Are you healing your spirit and mind as well as your body after your fibroid procedure?

mind body spirit healingThe idea for this entry sprouted from thoughts on total healing (mind/body/spirit) left in the post-Abdominal Myomectomy forum. I thank the ladies there, particularly Sunday and Gab. This is a fascinating topic as I’ve always felt that to have total health, the mind, body, and spirit must work together. I’ll start with my experience and then open the floor to others.

My body, mind, and spirit became disjointed years ago. I decided to seek medical assistance because my periods were becoming bad and blamed fibroids. There are women in my family who had surgery for fibroids and I just knew it was my turn. Yeah, too bad the first ultrasound didn’t detect the dang things. Had a heck of a time trying to convince the doctor and grew tired of doing so. Ended up dealing with my symptoms on my own (with mind fighting body) for YEARS…

Of course, the symptoms worsened and after passing enormous clots, I thought I should seek medical assistance yet again. Got another ultrasound and (surprise, surprise) fibroids were detected. I was so angry from being right that, once again, I walked away even though my new doctor was really trying to help. Oh, I’m pretty crazy at times. (Didn’t you know that already?)

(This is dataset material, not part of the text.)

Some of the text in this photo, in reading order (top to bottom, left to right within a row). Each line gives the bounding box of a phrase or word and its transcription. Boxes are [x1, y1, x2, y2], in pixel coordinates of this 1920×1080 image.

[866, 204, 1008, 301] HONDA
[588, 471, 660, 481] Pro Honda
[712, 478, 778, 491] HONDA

Finally, my body got literally tired (severe anemia) of listening to my stubborn mind and I found myself back in my doctor’s office forced to do something about my fibroids. I knew I needed treatment but mind and body were still fighting in the MRI scanner (mind wanted out, body wanted to stay in). Spirit had enough of the shenanigans and put an end to it right then and there. After that, the three coexisted peacefully all through the 3 months of Lupron injections, my Hysteroscopic Myomectomy, and the UFE.

Now several months later, they still are working together in a balanced partnership. I’m on my blog quite a bit these days but I manage to take time and meditate, pray, read, fellowship with others, laugh, cry (mostly happy tears but others as well), do the “happy” dance around the house, enjoy art and music in addition to tons of science, GO OUTSIDE of my house for extended periods of time, exercise (not as much as I should), eat healthier, and a list of other things I’m sure I’ll mention down the road. It is well with my mind, body, and spirit.

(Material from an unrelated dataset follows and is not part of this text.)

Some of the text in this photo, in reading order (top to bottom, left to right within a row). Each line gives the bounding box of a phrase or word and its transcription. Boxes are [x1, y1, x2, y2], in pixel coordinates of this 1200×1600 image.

Tell me how you are healing physically, mentally, and spiritually.


Related Post:
What makes you mad, sad, or glad when you think about your fibroids?


66 Responses to “Are you healing your spirit and mind as well as your body after your fibroid procedure?”

  1. Sunday Says:

    Hi Peace,
    Does this mean that we have to be unfulfilled to be motivated? Do we all become cow-like if all of our needs are met, if we are happy? I’m not sure this is so. I think that if I achieve something at one level, well, there’s the next level (whatever that mey be) to explore and perhaps conquer or achieve. It’s all about Maslow’s hierarchy of needs: we can’t even entertain the thought of getting a diamond necklace if we can’t buy enough food etc. As soon as we achieve one state of being, we want to learn more and move on. I think it’s human nature to forge ahead. And on the subject of happiness, that is such an elusive thing that happens at different levels and in bursts for me. I would say that I am happy in most areas of my life, but it is’nt all perfect. How can I compartmentalise happiness? There are moments of pure happiness too aren’t there, when all is right with the world and everything falls into place.
    I think motivation may be tied up in an attempt to achieve more or to aspire to what is just out of our reach. Can we accept imperfections, be generally happy and still hold onto our motivation? I think so, because I don’t think anyone can ever be totally fulfilled in every area of their lives.
    I don’t know if this has made any sense, I’m not sure if I have contradicted myself, but it makes sense as I write it, so I’ll post it.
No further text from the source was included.